Because that’s the current act of my performance, a story that needs to hold until Gran can pluck someone new from the suitors lining up like perfect gentlemen. I’ve always wondered about it, whether they get off just thinking about my surname, about my bloodline dripping into their inheritance.
Bet whoever gets chosen will brag to all who’ll listen about how they fucked their way into history.
It begins slowly here on the estate too, with extra seats left at the table for lunch and a different name card every two weeks.
Suppose I should be grateful, nonetheless.
There’s a certain mercy to be found in the way my grandmother handles scandal.
Sylvaine Sheffolk gulps the blood of rumour as though it were water, wipes the stain from her mouth and moves on.
There’s something one must understand about her though.
Sylvaine doesn’t need a confession to know when you’re guilty.
She just knows. I see it in the way she watches me, a farmer eyeing the fox lurking close by, waiting for it to admit to its hunger.
The killing blow never comes, though I suppose the understanding she flings my way should be a weapon of its own.
A blade poised at my neck, demanding I acknowledge one simple truth to rid myself of the guilt once and for all.
We are women of House Sheffolk, and we don’t have the luxury of innocence.
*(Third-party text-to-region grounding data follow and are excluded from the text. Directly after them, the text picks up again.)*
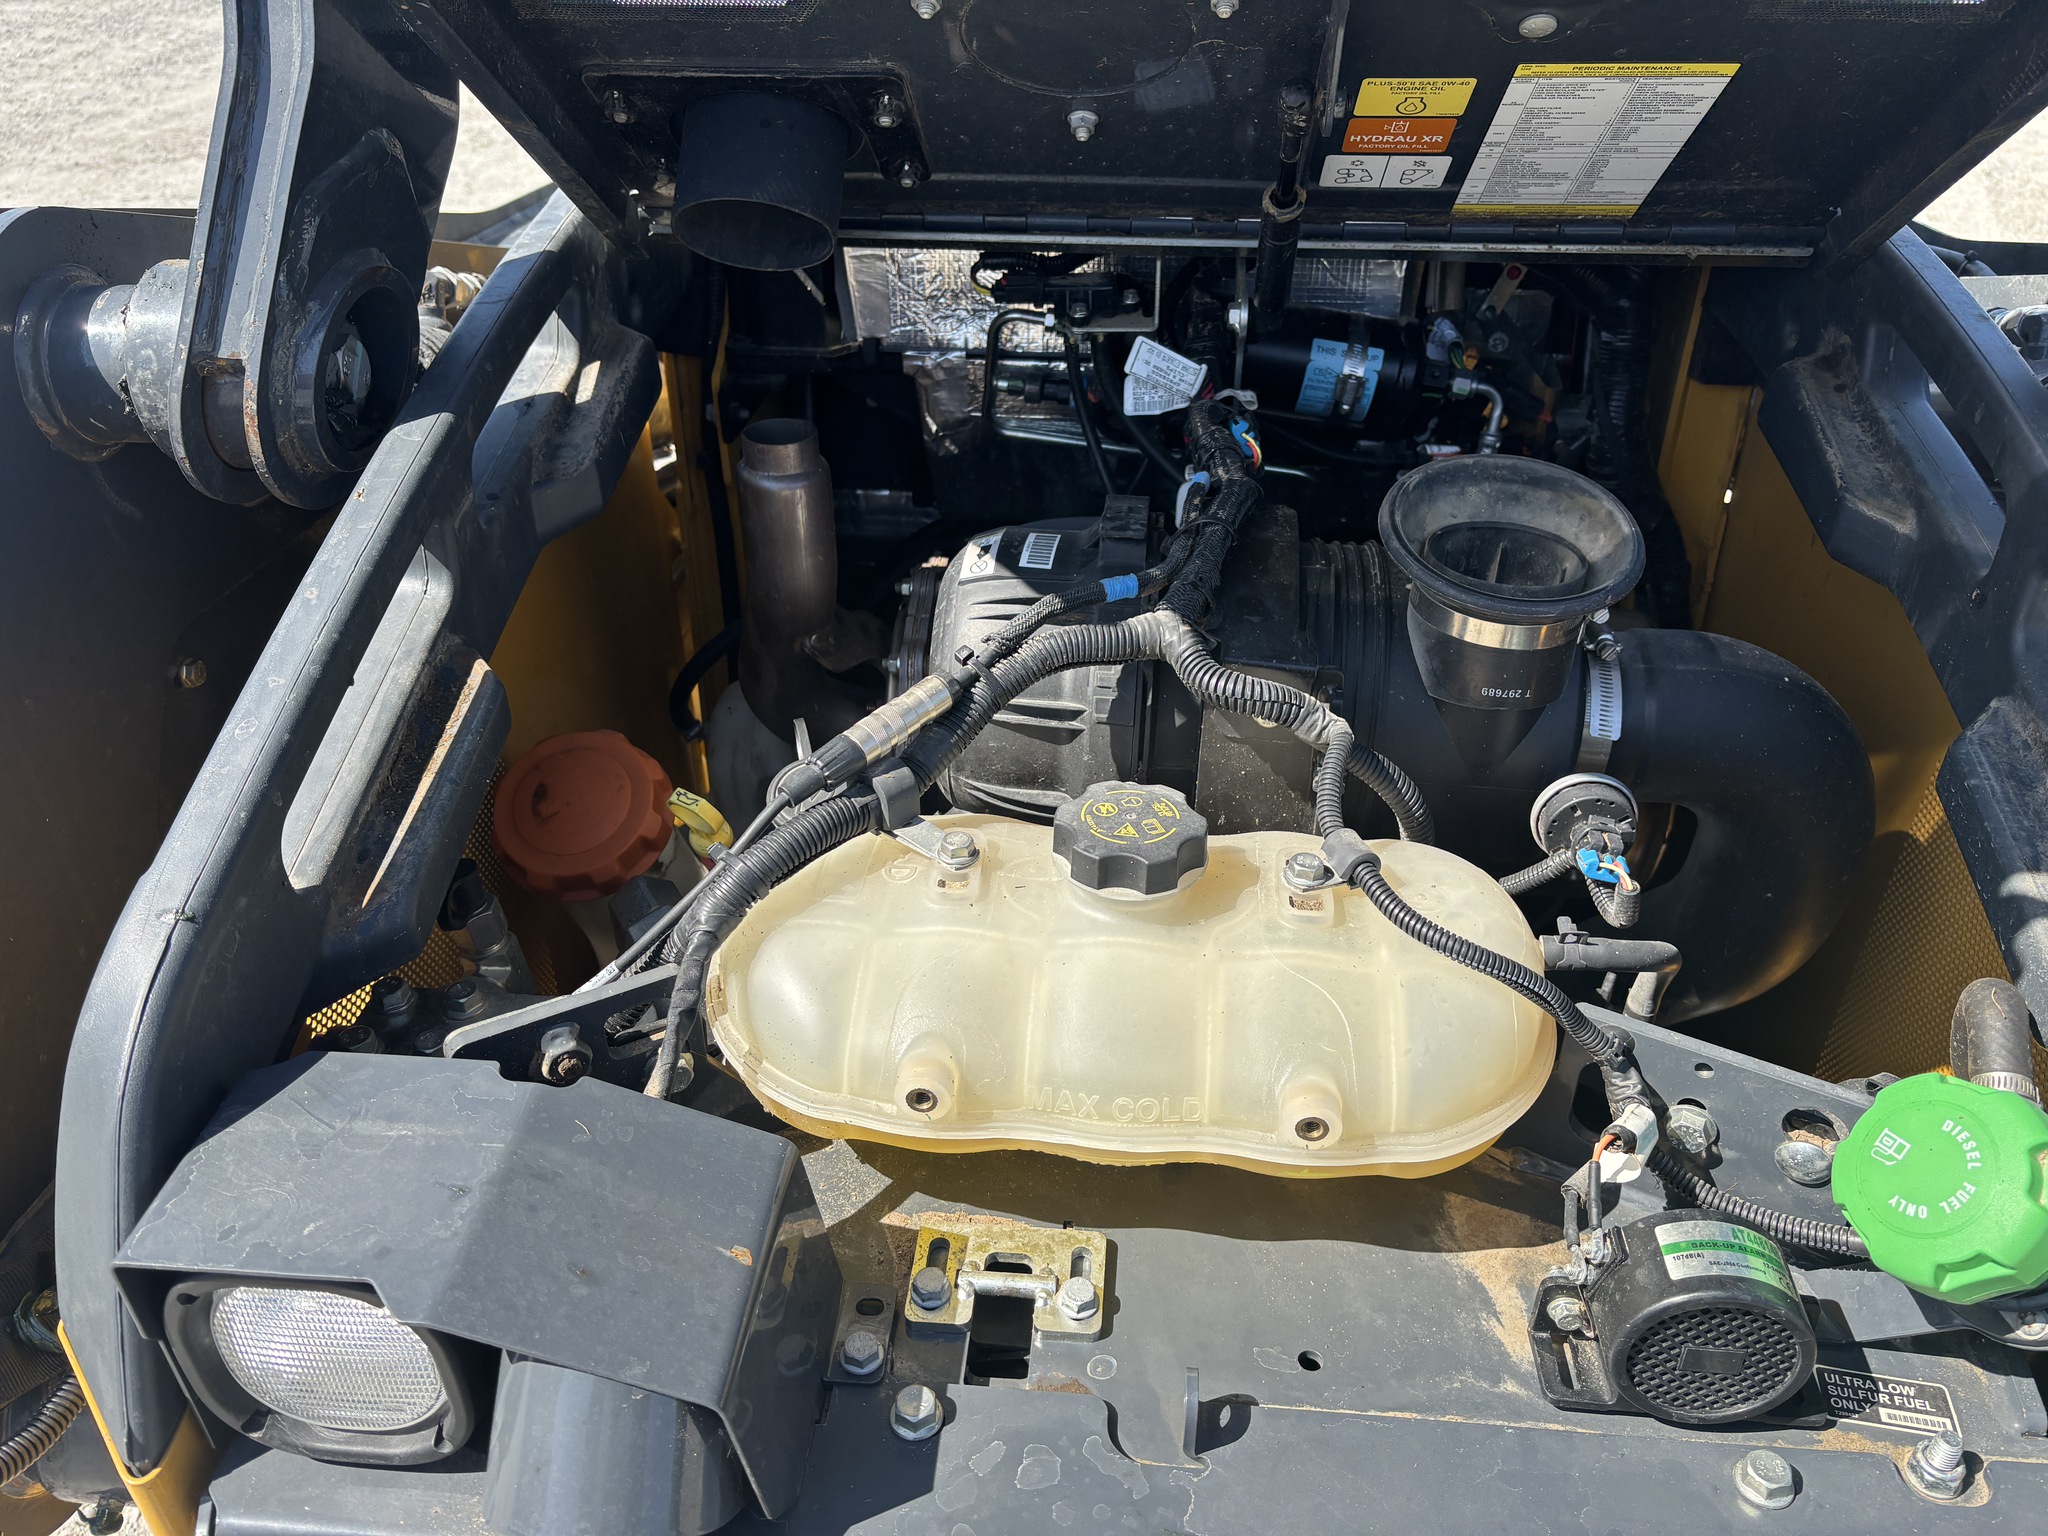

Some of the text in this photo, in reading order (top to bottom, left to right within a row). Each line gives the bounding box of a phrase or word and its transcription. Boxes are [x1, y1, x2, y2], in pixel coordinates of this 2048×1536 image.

[1316, 346, 1336, 356] THIS
[1481, 687, 1531, 698] T 297689
[1026, 1086, 1206, 1123] MAX COLD
[1887, 1120, 1982, 1219] DIESEL FUEL ONLY
[1672, 1252, 1704, 1261] 107dB(A)
[1738, 1245, 1768, 1260] ALARM
[1824, 1372, 1916, 1397] ULTRA LOW
[1828, 1385, 1937, 1412] SULFUR FUEL
[1830, 1398, 1872, 1413] ONLY
That’s why I barely argue when she hands me dossiers of eligible bachelors across the duchy. If she won’t speak of Gabriel, neither will I. But I know she knows; his absence should’ve been answer enough. It’s the only confession either of us will give.
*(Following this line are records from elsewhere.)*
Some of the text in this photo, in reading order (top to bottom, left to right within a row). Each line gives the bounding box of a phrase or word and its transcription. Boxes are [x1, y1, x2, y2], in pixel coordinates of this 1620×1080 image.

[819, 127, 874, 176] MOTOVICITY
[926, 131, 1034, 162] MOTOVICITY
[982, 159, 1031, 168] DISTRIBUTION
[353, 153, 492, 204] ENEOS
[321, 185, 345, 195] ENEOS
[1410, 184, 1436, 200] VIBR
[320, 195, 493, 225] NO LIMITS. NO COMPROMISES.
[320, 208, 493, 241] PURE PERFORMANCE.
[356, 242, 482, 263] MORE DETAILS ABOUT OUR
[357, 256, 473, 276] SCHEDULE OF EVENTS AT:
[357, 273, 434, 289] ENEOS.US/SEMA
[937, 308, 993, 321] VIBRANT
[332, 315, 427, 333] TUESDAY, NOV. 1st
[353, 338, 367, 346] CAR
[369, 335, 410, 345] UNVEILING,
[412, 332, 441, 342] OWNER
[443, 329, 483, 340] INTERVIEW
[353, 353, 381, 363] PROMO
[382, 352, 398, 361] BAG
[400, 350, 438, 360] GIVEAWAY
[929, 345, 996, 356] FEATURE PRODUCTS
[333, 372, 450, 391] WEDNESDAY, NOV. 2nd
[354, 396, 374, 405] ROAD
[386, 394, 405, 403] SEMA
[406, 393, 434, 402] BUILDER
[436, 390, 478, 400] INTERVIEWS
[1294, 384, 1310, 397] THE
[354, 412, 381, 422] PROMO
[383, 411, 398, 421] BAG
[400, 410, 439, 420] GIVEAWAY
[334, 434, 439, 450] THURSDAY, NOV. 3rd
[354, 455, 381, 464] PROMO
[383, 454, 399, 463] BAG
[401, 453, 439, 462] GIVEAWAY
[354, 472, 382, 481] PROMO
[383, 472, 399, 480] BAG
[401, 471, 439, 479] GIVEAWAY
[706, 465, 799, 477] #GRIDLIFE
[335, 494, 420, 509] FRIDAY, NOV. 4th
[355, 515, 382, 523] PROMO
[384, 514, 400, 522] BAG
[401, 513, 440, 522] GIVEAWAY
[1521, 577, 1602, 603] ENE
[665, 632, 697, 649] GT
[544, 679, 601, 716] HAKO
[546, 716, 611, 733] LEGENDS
The kettle screams from its perch on the stove, jolting me from my thoughts.
I let myself rot for a moment longer before pushing up, eyes landing on my laptop.
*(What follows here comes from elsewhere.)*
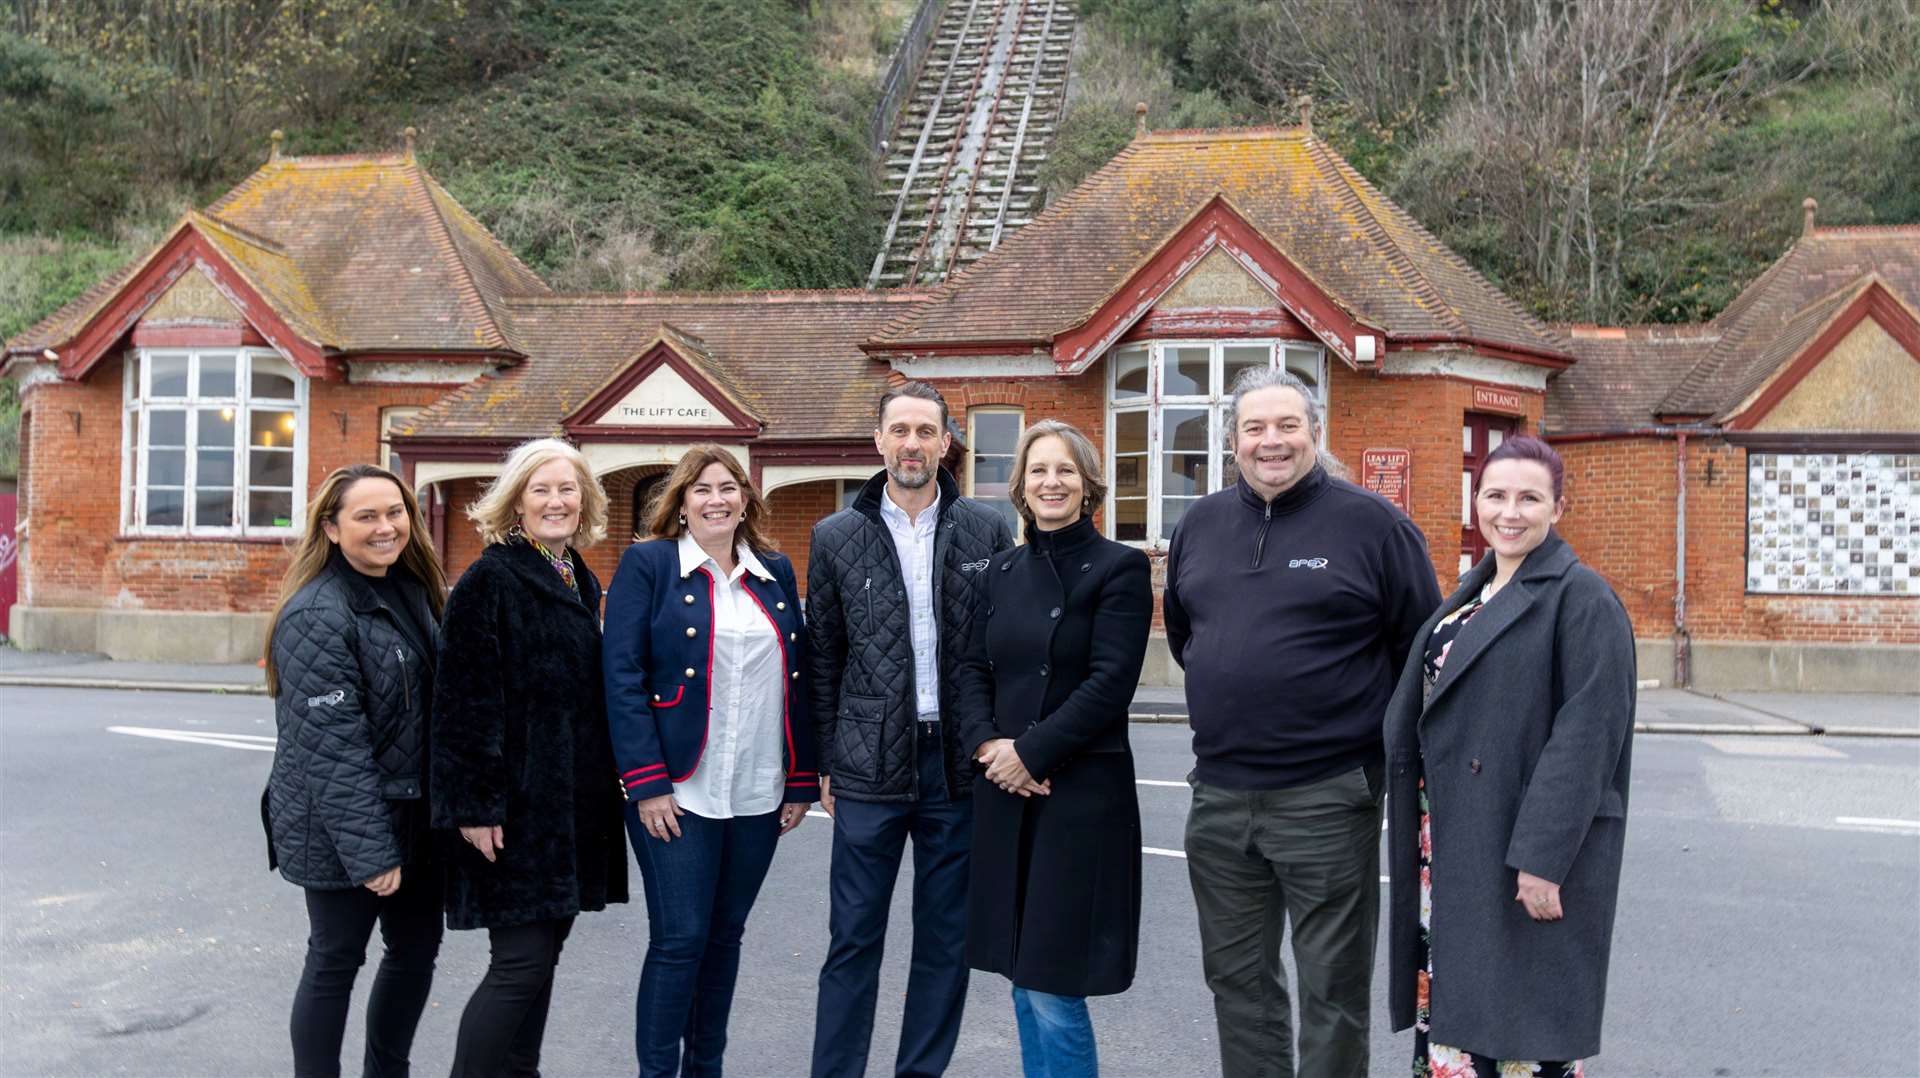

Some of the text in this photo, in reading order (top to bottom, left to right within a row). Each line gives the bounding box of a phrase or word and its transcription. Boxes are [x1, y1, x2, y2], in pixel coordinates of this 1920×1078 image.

[1476, 390, 1519, 408] ENTRANCE
[623, 407, 708, 417] THE LIFT CAFE
[1366, 454, 1406, 463] LEAS LIFT
It’s placed just a few centimetres from where I tossed the bird, still powered on and plugged into the charger that runs from the socket against the wall.
The screen glows pink, paused at exactly 00:09:27 into Barbie and the Twelve Dancing Princesses .
That pulls a frown from me; morning usually means being greeted by end credits.
“Tommy?” I call out into the hush of the cottage, with nothing but the creaking of the ceiling as my response. I repeat her name, half worried and half in reprimand. My dreams’ pessimistic ramblings pierce the bubble into reality, and unease courses through me. “Thomasin, are you in here?”
A clock ticks loudly from within my chest, another timer setting my nerves alight.
Something is wrong. Tommy’s too anal about little things like this; she’ll watch until the screen goes blank as though Mattel could be mistaken for Marvel and she’d miss out on an end credit scene if she clicked pause too soon.
It’s only then, when my own dilemmas are shoved aside, that I detect the lack of mildew in the air.
The brittle and papery scent is nowhere to be found, and momentarily, I turn my nose upwards, sniffing like a cautious rat.
But nothing. Minutes pass by; it could even be an hour; I’m not counting because a piece has been taken from my puzzle, and I can’t find it.
Can’t settle until I’m certain everything is alright.
“Thomasin,” I call again, padding into the kitchen. “If you’re hiding from me, you won’t be getting any tea.”
I flick the burner off and then grab the kettle, pouring hot water into the chipped mug that my grandfather once got me.
There’s another, a bright pink, tutu-shaped mug I got Tommy because she hates feeling left out.
The scent of rooibos soon fills the air; my DIY catnip for little-girl ghosts.
Now I just have to wait for her to take the bait.